Taking place every winter in villages and cities in Romania’s eastern region of Moldova, the Dance of the Bear symbolizes the death and rebirth of time. Performed between Christmas and New Year’s Eve, this ancient ritual brings together the whole community, who gather to watch the performance.
The Dance of the Bear sees men of all ages, and increasingly more women, dress in real bear skins and dance to the rhythm of pan flutes and drums, to ward off evil spirits and ring in the new year. Traditionally, the procession, which can include between six and 24 bears, would visit every household of the village, accompanied by up to three singing bear tamers, several characters wearing women’s clothes and drummers. While this tradition is still observed in many villages, in cities and towns it usually takes the form of a parade that culminates in a major performance in the center.
Bear costumes, complete with the bear head and large, grinning teeth, are decorated with two huge red tassels pinned to each shoulder. The bear tamers don red military style costumes, and wear studded belts around their waists and high leather boots. On their heads they wear beautifully adorned red velvet caps topped with a big red pompon. The musicians wear traditional folk attire, usually white with embroidered black motifs, and tie a red, yellow and blue ribbon as a belt. Several characters wearing women’s clothing, including long pleated skirts and headscarves, accompany the troupe. The parade is announced by several carolers, usually young girls or boys, called “irozi”.
Traditionally, the arrival of the bears is announced by a small group of “irozi”, who blow whistles to a rhythm set by the head bear tamer. Chosen for his leadership skills, the head tamer is the main choreographer and director of the ceremony, for he is the one who decides when each of the acts are played and gives the cues.
The bears dance to the beat set by the pan flutes and the drums, after practicing for up to three months before the day of the ceremony. With the heaviest of costumes weighing up to 50 kilos, they require strength and must be handled with confidence, to look fierce.
“Dance, dance, bear/ Cause blackberries will ripen/And you’ll get even fatter/And dance in people’s homes Jump, jump, higher and higher/Like the year that’s departing!/And bow down well/To greet your host gracefully!”
When the person wearing the costume is standing up straight, the bear looks up, while during the dance, the wearer must bend forward and shake his or her body alternatively to the left and to the right, to create a swinging motion using the big red tassels on the shoulders, while taking small steps either to the front or to the side.
During the ceremony, several acts are played.
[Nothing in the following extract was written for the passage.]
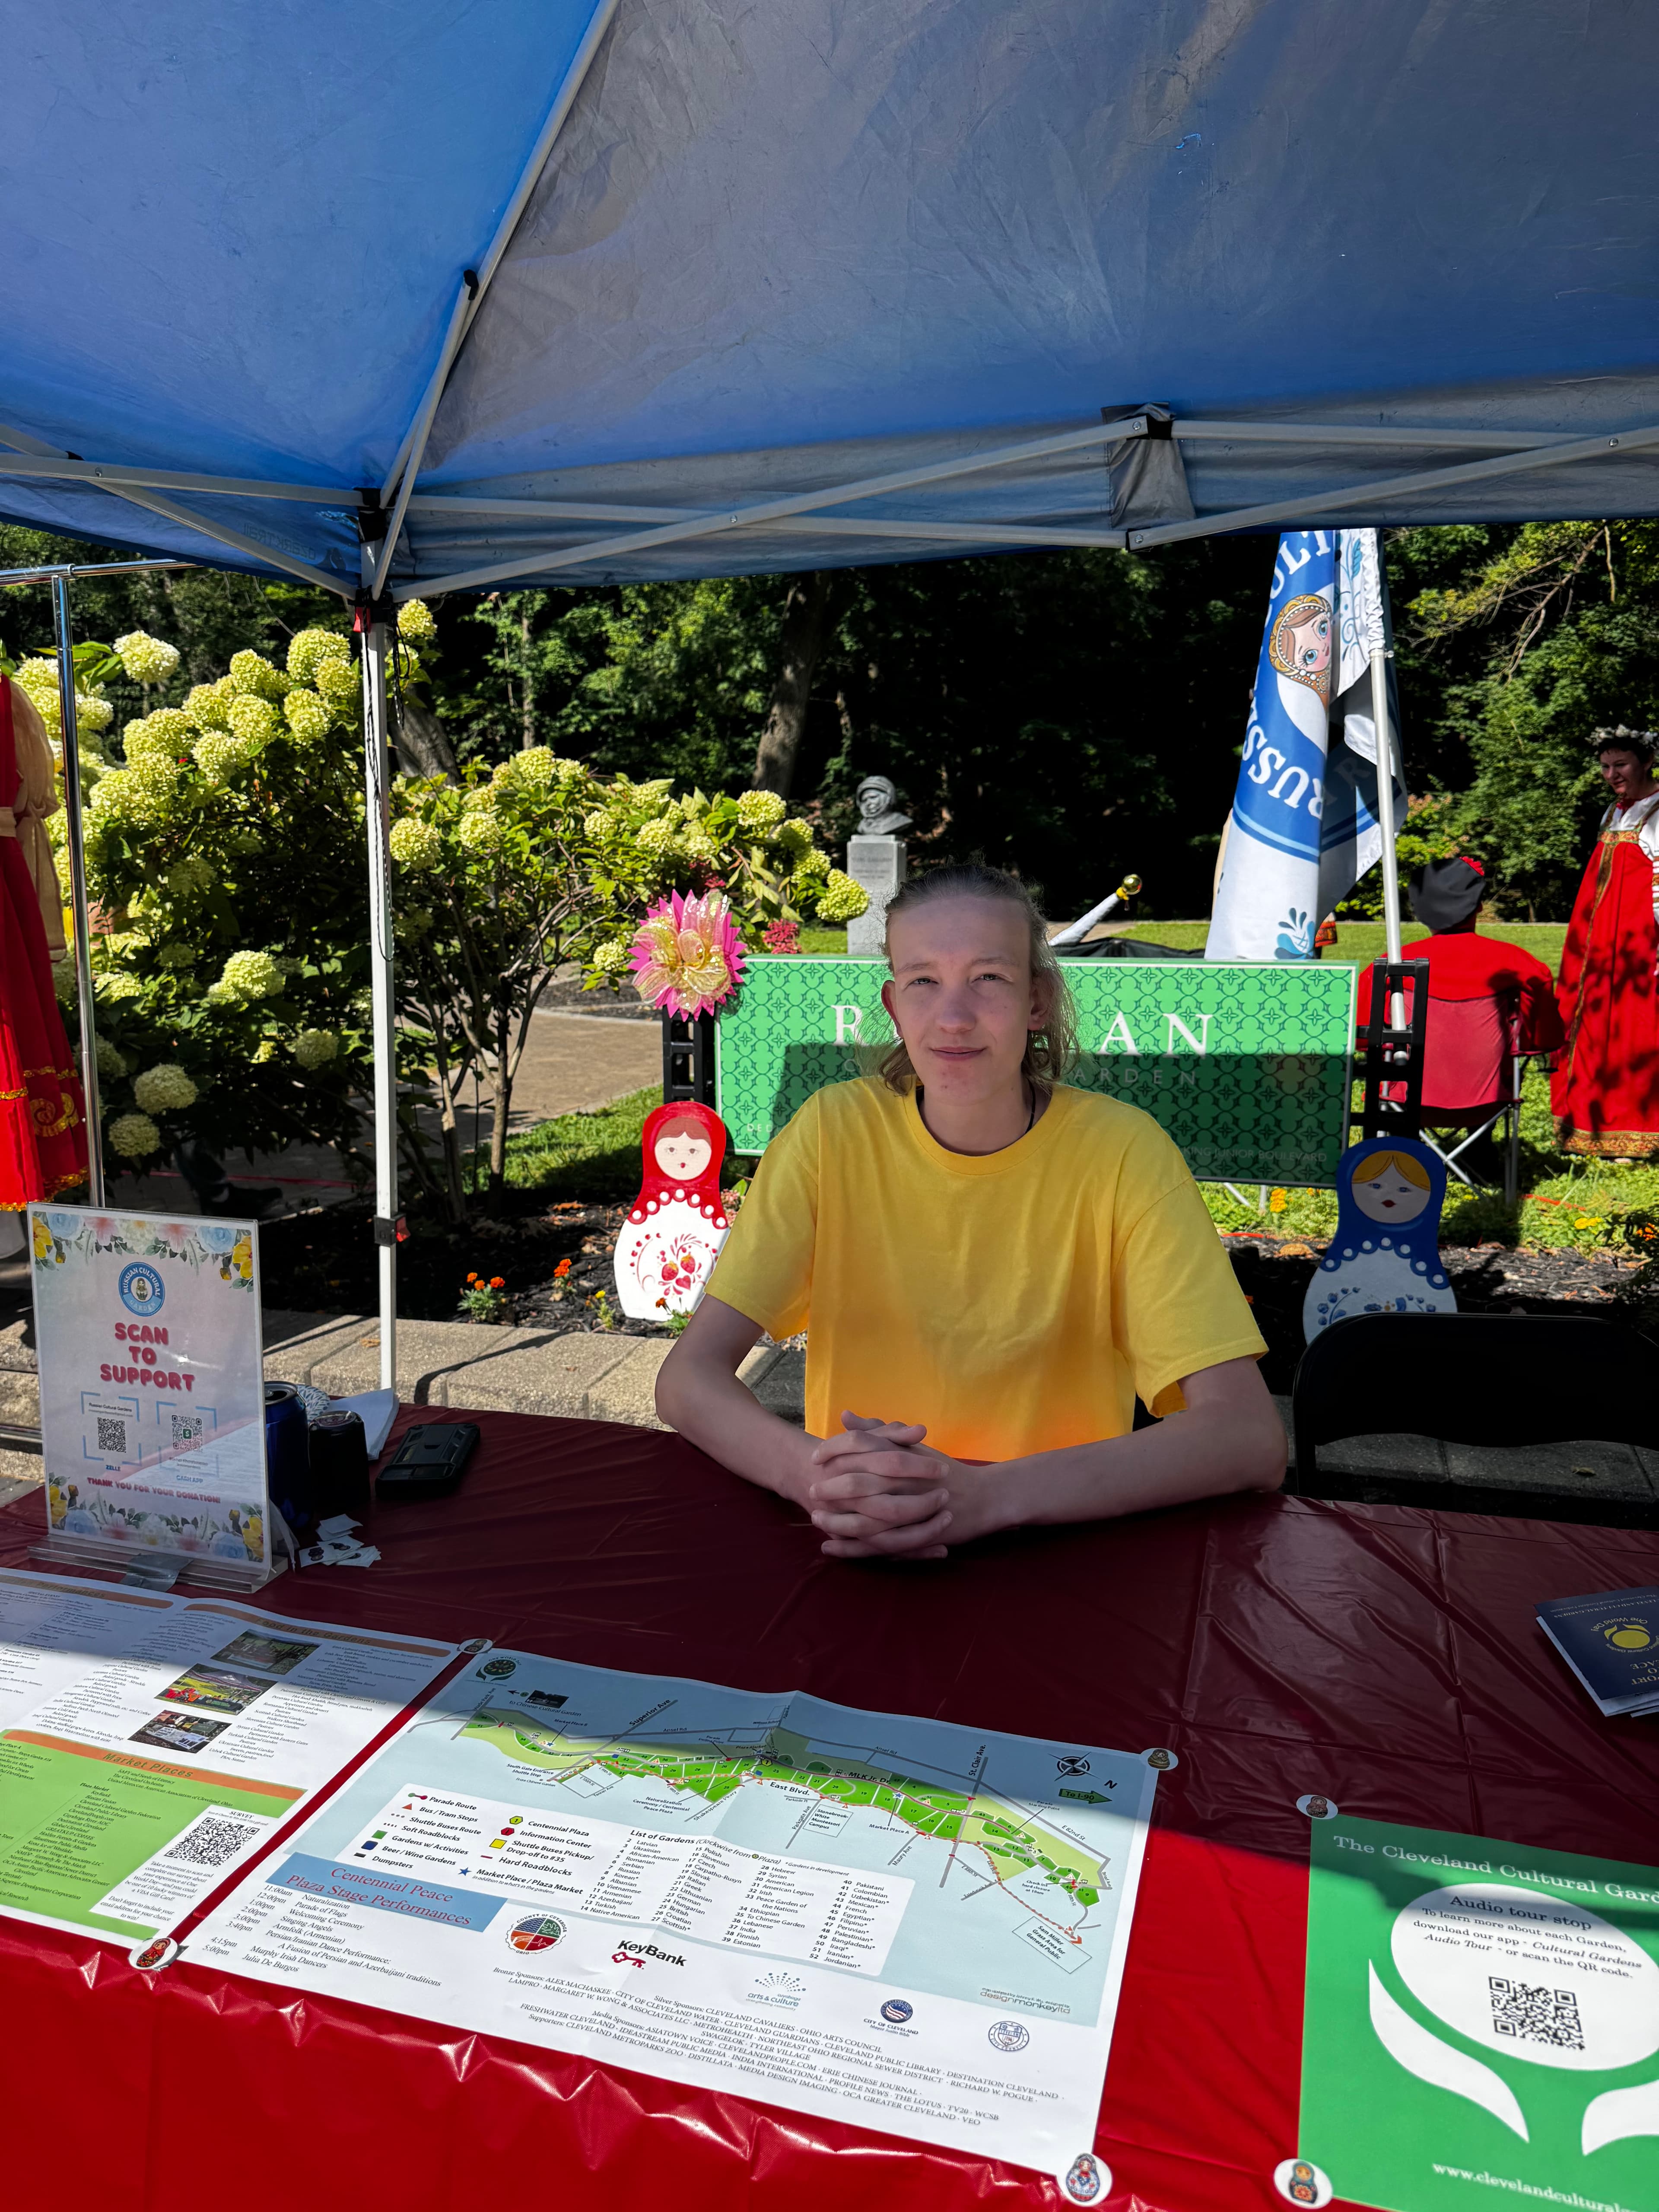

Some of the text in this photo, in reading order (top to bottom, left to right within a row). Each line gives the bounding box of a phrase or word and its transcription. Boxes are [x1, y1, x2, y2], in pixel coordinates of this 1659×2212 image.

In one of them, the bear tamers hit the bears with whips made of horse tails, while the characters dressed as women do so with sticks. In the central act of the Bear Dance ritual, the bears die and then are resurrected, so as to symbolize renewal, the end of the new year and the beginning of the new one. Upon resurrecting, in the final act, one of the bears is lifted on a stick by two of the characters wearing women’s clothes where he or she continues to dance lifting a round braided bread, named “colac”.
For Geto–Dacians, ancestors of present-day Romanians, the bear was a sacred animal with healing powers. The life cycle of the bear was responsible for regulating seasons, entering hibernation before winter and waking up in spring. ‘Urs’, the Romanian word for bear, is also found in that of the Ursa Major constellation, whose position is closely connected to the succession of seasons.
The tradition of the Bear Dance, preserved since ancient times, is still alive and is gaining in popularity among young Romanians, although the tradition is still confined to the mountainous and hilly regions of Moldova and Bucovina.